Holding paradox in your mind for 20 years is taxing.  Sometimes my thoughts drift from one side of the coin to the other... back and forth...  Of course, living in this world requires a certain amount of participation, I'm starting to wonder how much longer I can keep faking my way through it all before it finally comes crashing down.

http://www.youtube.com/watch?v=WJ-2J0b1uS0

I don't think I need to discuss this very far, at the same time, I think the implosion of my mind is steadily increasing in speed, I can't see this lasting another... 40 years.

Psychological states of mind are relative.  We hold them against a floating standard of what is "normal".

I could easily argue that what we view as being socially acceptable is bat-shit crazy, or at least moderately delusional.

Which can make any deviant perspective seem like a reasonable stance.

Which completely destroys the field of Psychology.  Suddenly people who once needed to be fixed, no longer need it.

How reasonable is it to ask a person, who suddenly finds themselves in society of people who are stuck at a mental maturity of age 4, to "(When in Rome,) do as the Romans do"?  Not very.

It seems the human mind is (usually) wired to naturally accept whatever paradigm it is brought up in - yet - I have memories as young as age 4 that have drastically shaped who I am, a person deviant from the society he has grown up in.

I suppose the fault is mine for listening to philosophies at age 4 that were greater than the philosophies of the current society.  I didn't realize that adults didn't even analyze to the degree I did as a child.

My deviant state of mind isn't wrong because I hold a different philosophy than the normal person.  To me, anyone who, without question, removes the idea of suicide from the table, has by default condemned themselves to slavery.  What society/world WOULDN'T these people live in?

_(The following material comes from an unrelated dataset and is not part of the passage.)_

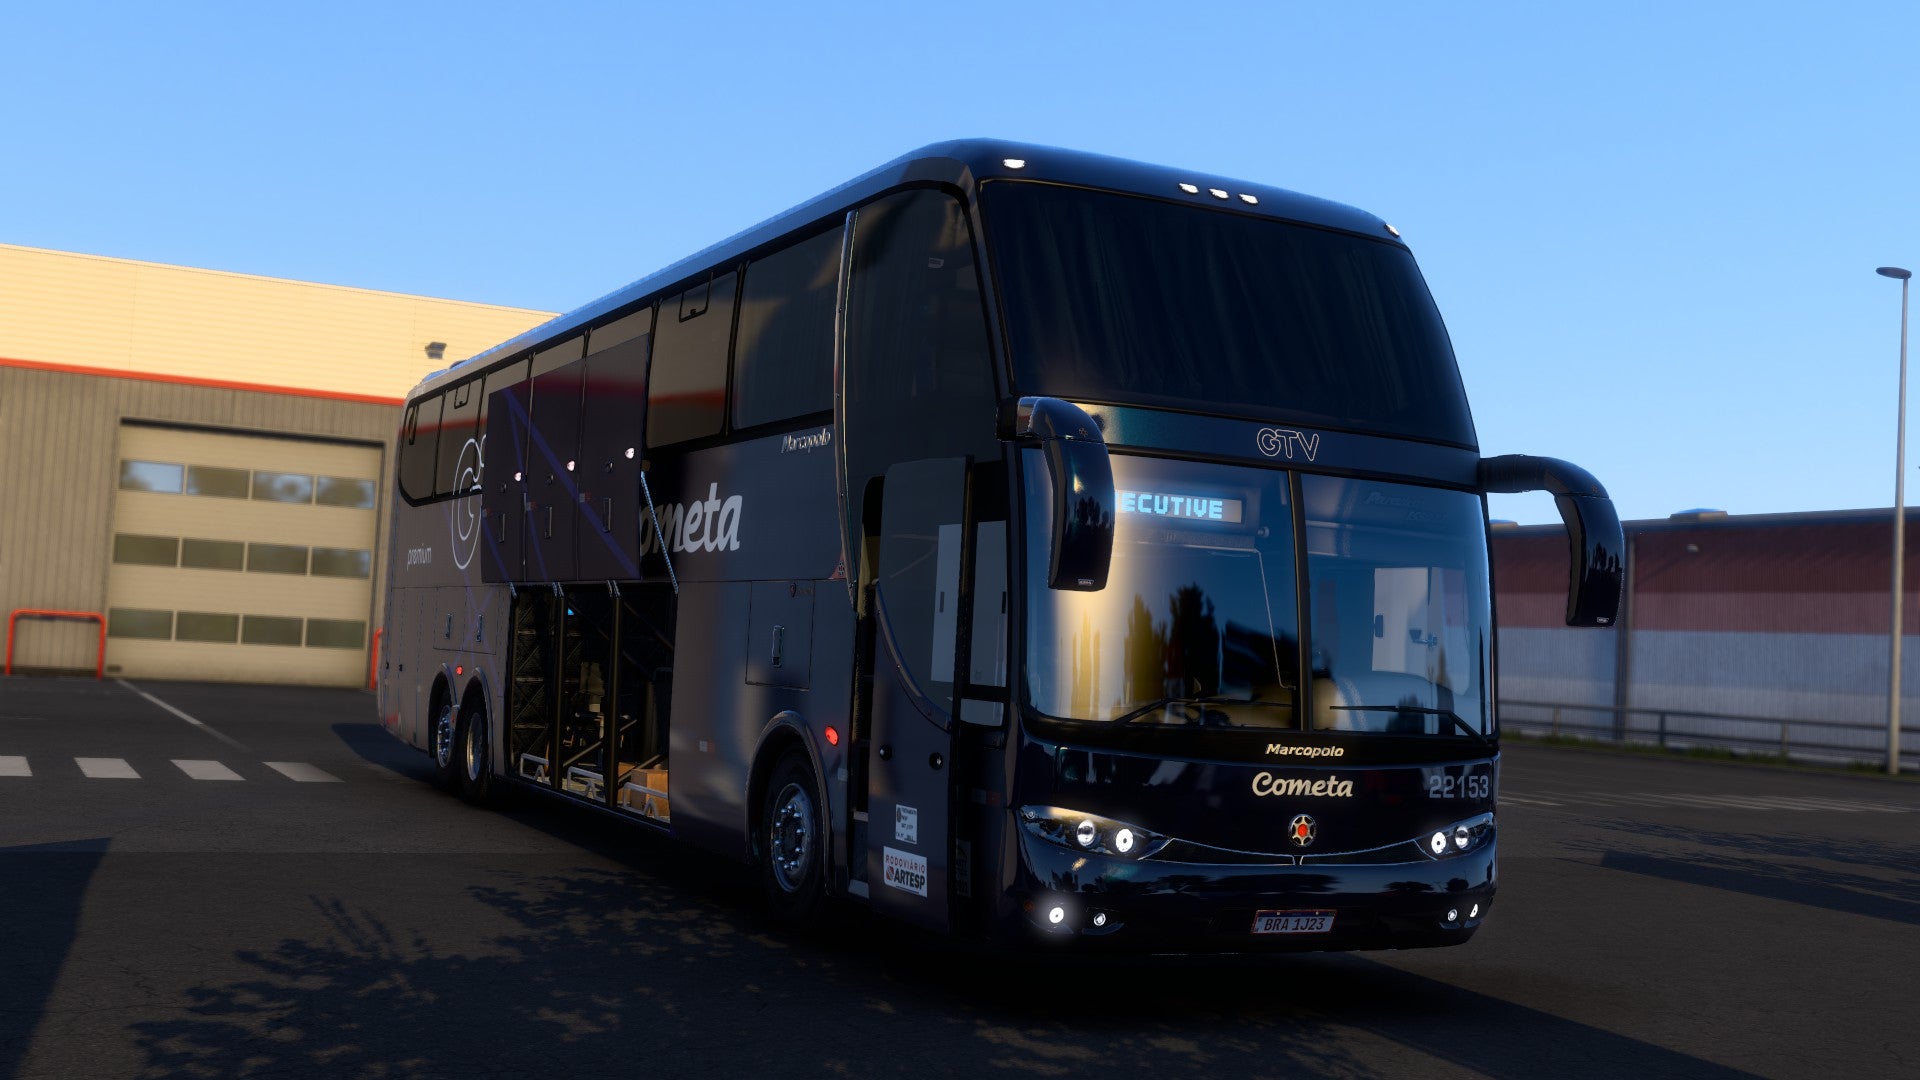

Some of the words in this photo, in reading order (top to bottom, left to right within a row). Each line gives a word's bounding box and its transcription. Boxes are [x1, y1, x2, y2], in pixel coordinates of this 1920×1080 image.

This is also damning for the argument of free will; we've evolved from sludge to value our own life.  To NOT have a choice in whether we live or die results in the defacto stance of NO FREE WILL - that's just how human beings are programmed.

Just because I'll keep more options on the table than the average person, does not lead to the logical conclusion that there is something wrong with me.  To make this argument is absurd.  I am not depressed, I am not sad.  I'm a happy person who enjoys innocent, light-hearted laughs.  It's this world I hate, and I recognize that I cannot change the world.  At the same time, I recognize that I do not have any desire to change myself - thus, the paradox.

"There will never be a reason why I will surrender to your advice
To change myself, I'd rather die
 
You'll never take me alive"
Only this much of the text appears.